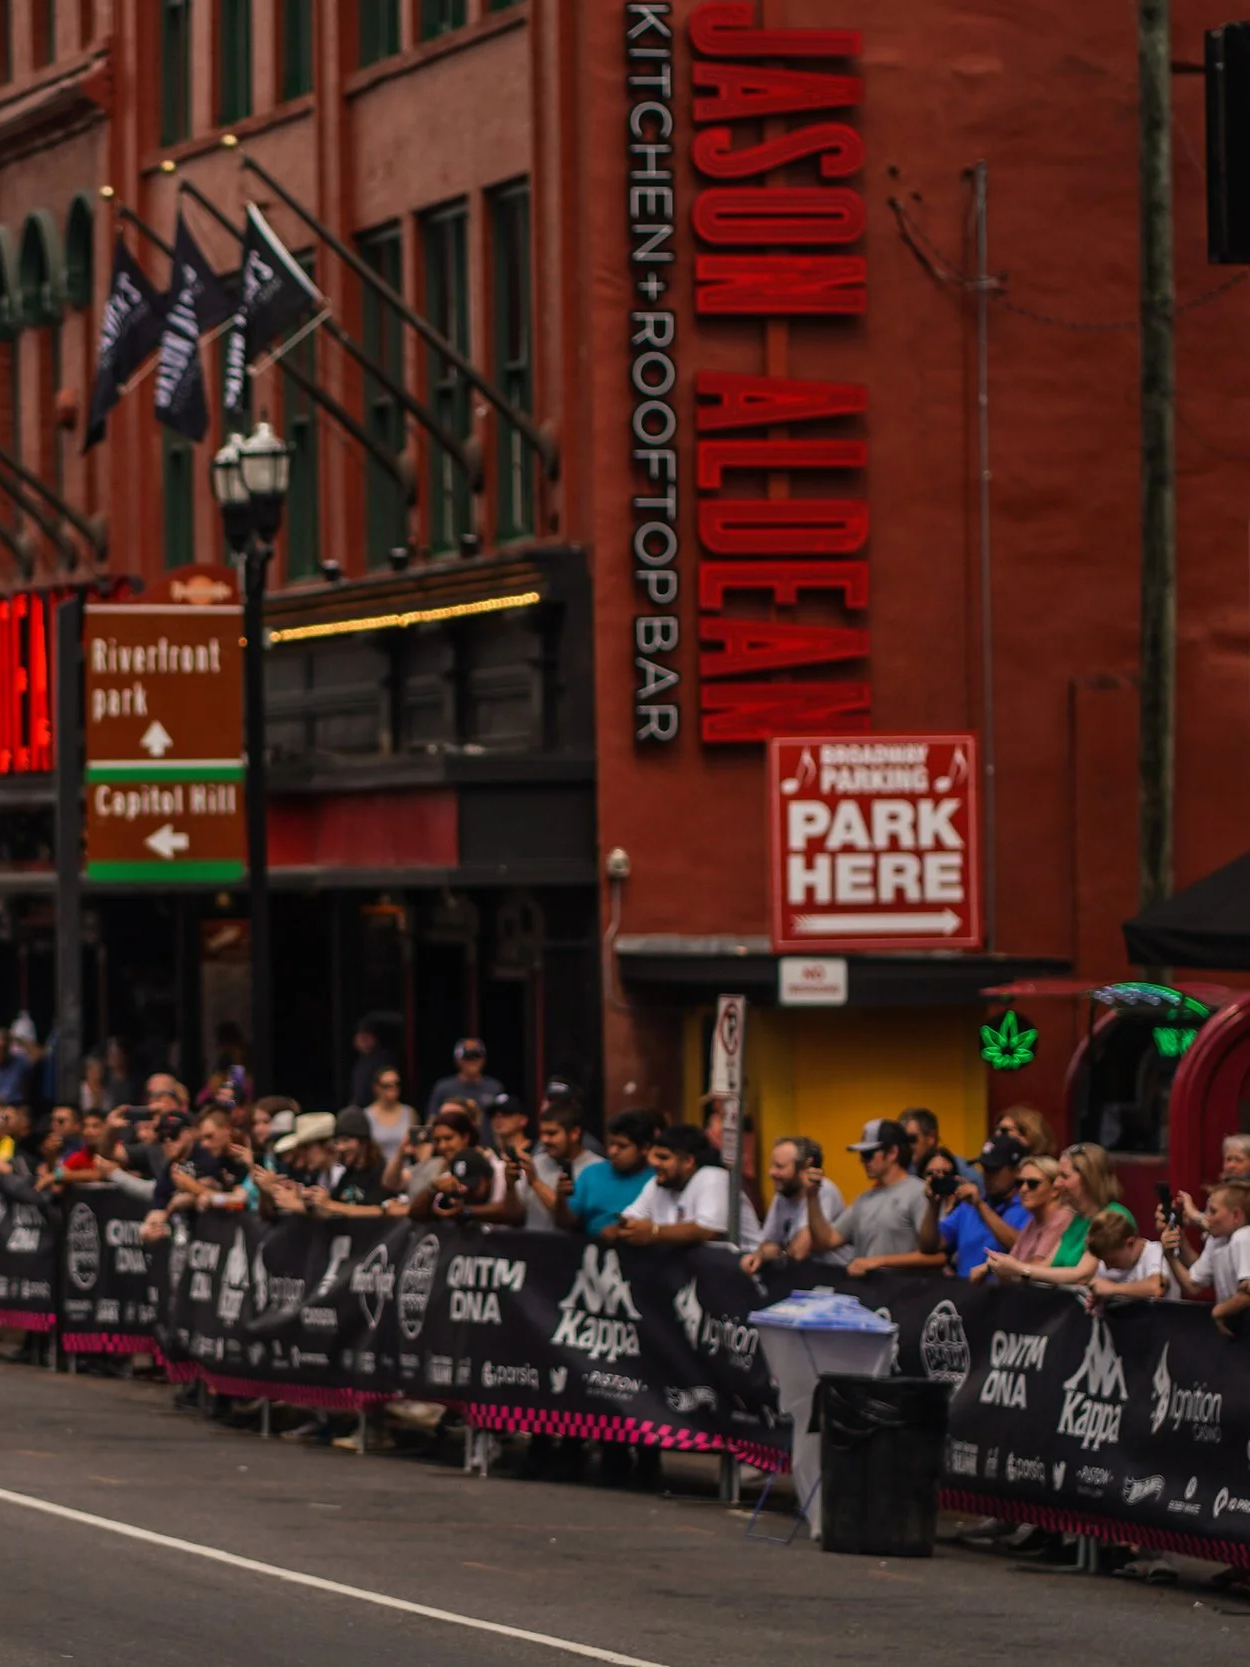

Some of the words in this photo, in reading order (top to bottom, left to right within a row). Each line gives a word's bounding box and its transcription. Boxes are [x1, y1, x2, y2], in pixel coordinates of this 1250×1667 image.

[627, 4, 674, 261] KITCHEN
[689, 2, 866, 314] JASON
[631, 312, 678, 603] ROOFTOP
[696, 370, 871, 742] ALDEAN
[92, 636, 221, 674] Riverfront
[636, 616, 680, 740] BAR
[92, 681, 148, 723] park
[819, 743, 928, 765] BROADWAY
[94, 784, 184, 821] Capitol
[189, 784, 237, 815] Hill
[819, 765, 929, 794] PARKING
[787, 798, 964, 851] PARK
[787, 852, 964, 905] HERE
[447, 1255, 527, 1292] QNTM
[450, 1290, 501, 1325] DNA
[551, 1307, 641, 1363] Kappa
[990, 1330, 1049, 1372] QNTM
[979, 1371, 1028, 1410] DNA
[1057, 1388, 1123, 1451] Kappa

• • • •

== AIM OF THE TASK ==
What you return should match the material line for line, with the images removed.

== EXPECTED OUTPUT ==
Some of the words in this photo, in reading order (top to bottom, left to right within a row). Each line gives a word's bounding box and its transcription. Boxes are [x1, y1, x2, y2], in pixel coordinates of this 1250×1667 image.

[627, 4, 674, 261] KITCHEN
[689, 2, 866, 314] JASON
[631, 312, 678, 603] ROOFTOP
[696, 370, 871, 742] ALDEAN
[92, 636, 221, 674] Riverfront
[636, 616, 680, 740] BAR
[92, 681, 148, 723] park
[819, 743, 928, 765] BROADWAY
[94, 784, 184, 821] Capitol
[189, 784, 237, 815] Hill
[819, 765, 929, 794] PARKING
[787, 798, 964, 851] PARK
[787, 852, 964, 905] HERE
[447, 1255, 527, 1292] QNTM
[450, 1290, 501, 1325] DNA
[551, 1307, 641, 1363] Kappa
[990, 1330, 1049, 1372] QNTM
[979, 1371, 1028, 1410] DNA
[1057, 1388, 1123, 1451] Kappa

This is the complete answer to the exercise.